**WHAT IS REQUIRED**
Print the whole listing again exactly, keeping no pictures in it.

**SOURCE MATERIAL**
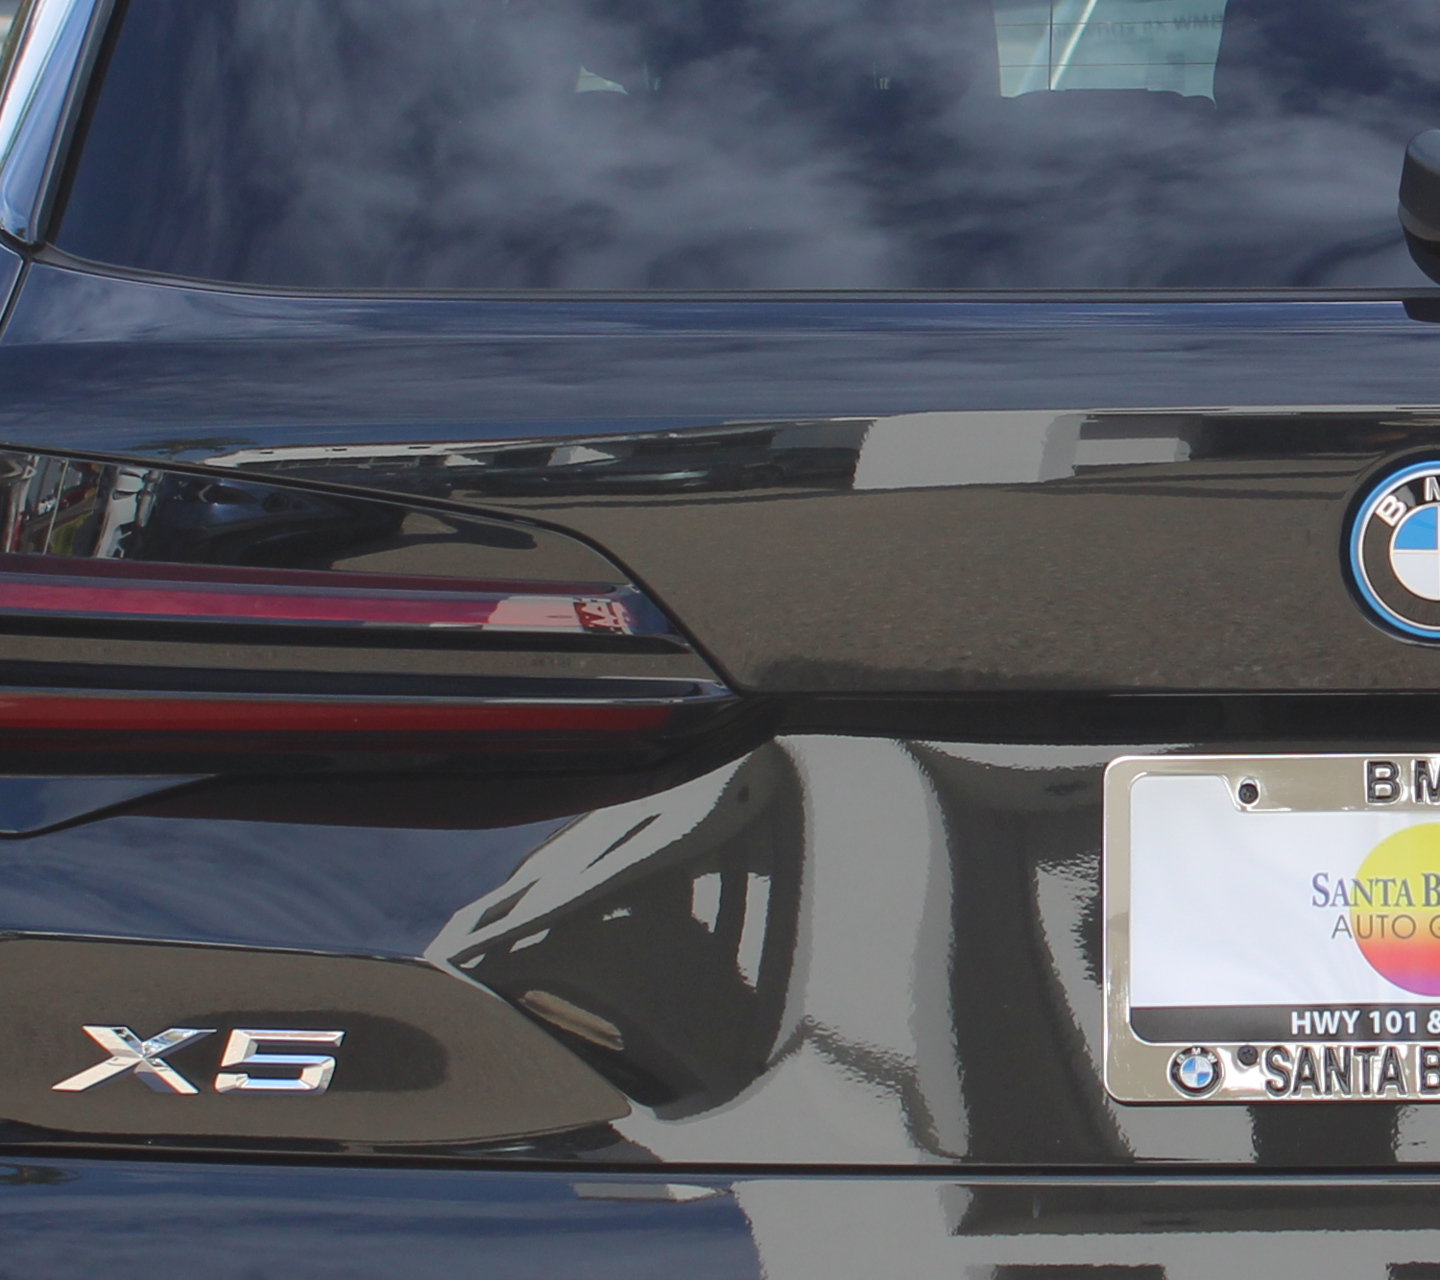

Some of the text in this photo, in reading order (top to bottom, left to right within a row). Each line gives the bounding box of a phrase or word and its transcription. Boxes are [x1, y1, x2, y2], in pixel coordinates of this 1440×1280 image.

[1311, 872, 1415, 908] SANTA
[1331, 914, 1417, 940] AUTO
[1291, 1010, 1360, 1035] HWY
[1369, 1010, 1416, 1035] 101
[51, 1025, 346, 1096] X5
[1264, 1045, 1408, 1097] SANTA
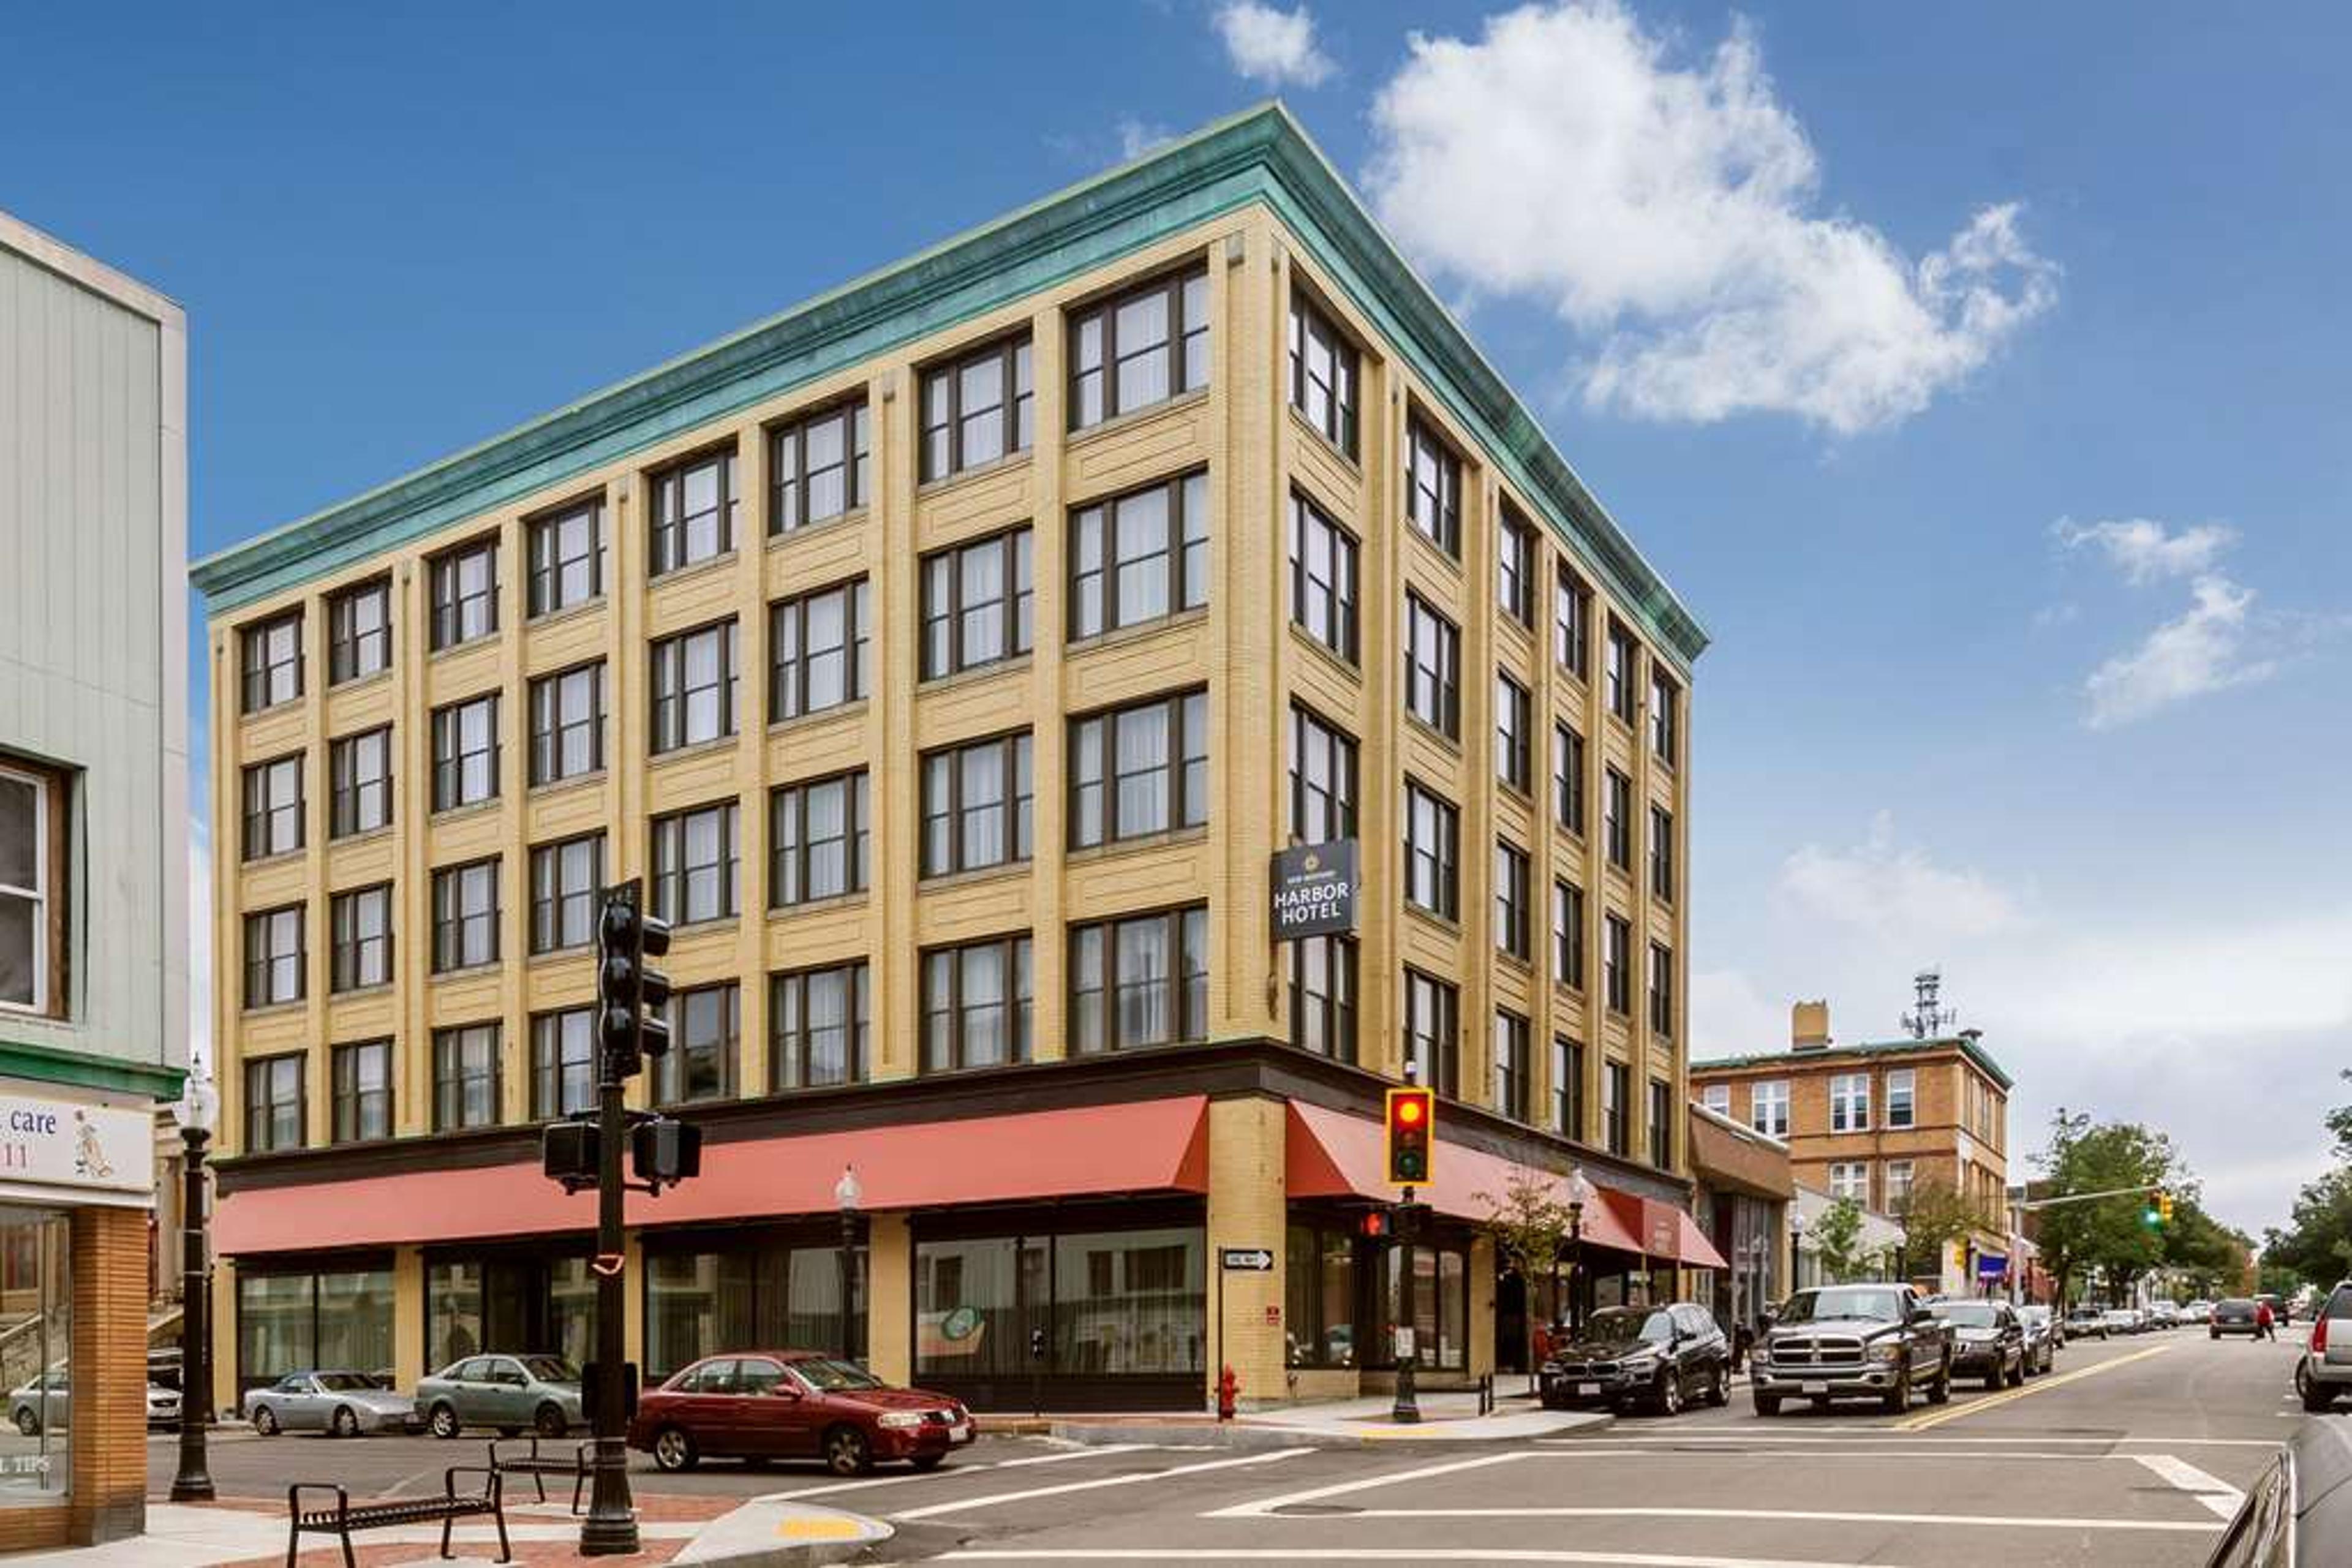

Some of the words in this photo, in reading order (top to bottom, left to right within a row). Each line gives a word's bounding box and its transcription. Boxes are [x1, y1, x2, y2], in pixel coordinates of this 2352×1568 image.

[1275, 882, 1349, 908] HARBOR
[1282, 902, 1341, 927] HOTEL
[10, 1109, 56, 1134] care
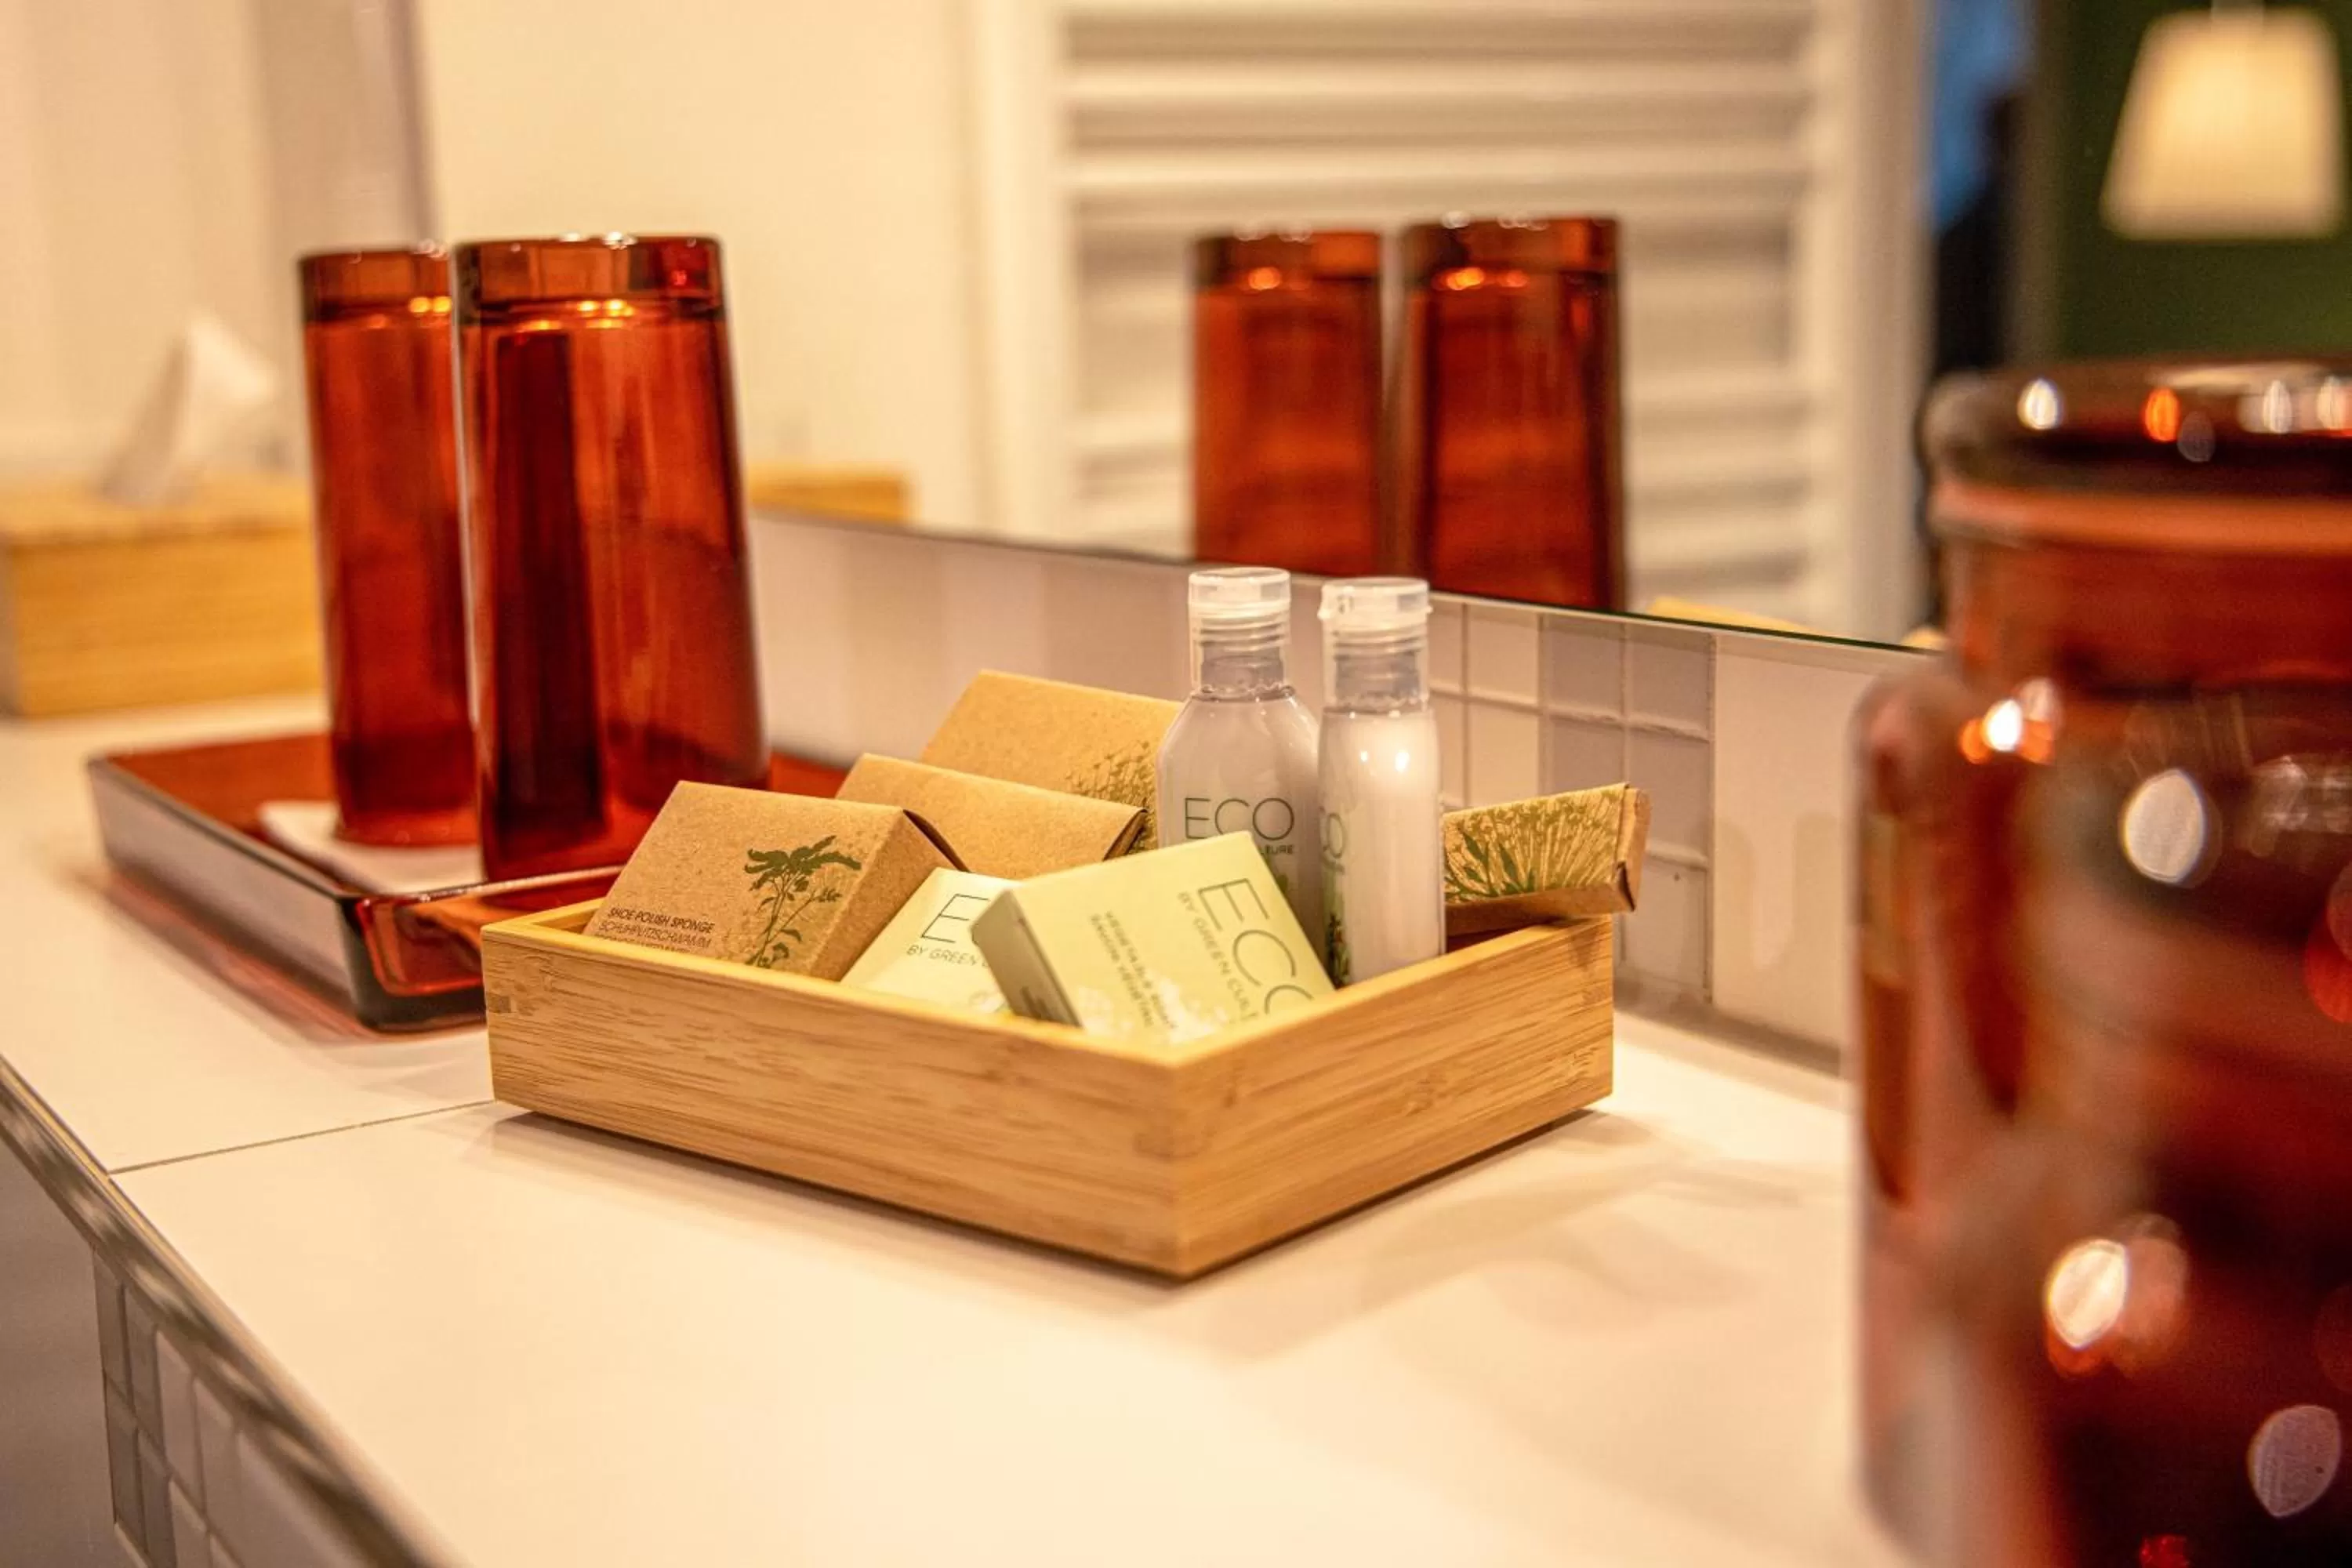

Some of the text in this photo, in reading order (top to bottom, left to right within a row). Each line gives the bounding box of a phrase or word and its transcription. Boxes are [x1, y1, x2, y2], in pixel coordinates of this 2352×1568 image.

[1185, 797, 1294, 840] ECO
[608, 907, 716, 934] SHOE POLISH SPONGE
[929, 948, 979, 966] GREEN
[1193, 916, 1231, 976] GREEN

**TASK ANSWER**
Some of the text in this photo, in reading order (top to bottom, left to right within a row). Each line gives the bounding box of a phrase or word and its transcription. Boxes are [x1, y1, x2, y2], in pixel coordinates of this 1440×1280 image.

[1311, 872, 1415, 908] SANTA
[1331, 914, 1417, 940] AUTO
[1291, 1010, 1360, 1035] HWY
[1369, 1010, 1416, 1035] 101
[51, 1025, 346, 1096] X5
[1264, 1045, 1408, 1097] SANTA

Some of the words in this photo, in reading order (top to bottom, left to right within a row). Each line gives a word's bounding box and its transcription. Boxes are [x1, y1, x2, y2], in pixel coordinates of this 2352×1568 image.

[1275, 882, 1349, 908] HARBOR
[1282, 902, 1341, 927] HOTEL
[10, 1109, 56, 1134] care

Some of the text in this photo, in reading order (top to bottom, left to right within a row). Each line gives the bounding box of a phrase or word and its transcription. Boxes are [x1, y1, x2, y2], in pixel coordinates of this 2352×1568 image.

[1185, 797, 1294, 840] ECO
[608, 907, 716, 934] SHOE POLISH SPONGE
[929, 948, 979, 966] GREEN
[1193, 916, 1231, 976] GREEN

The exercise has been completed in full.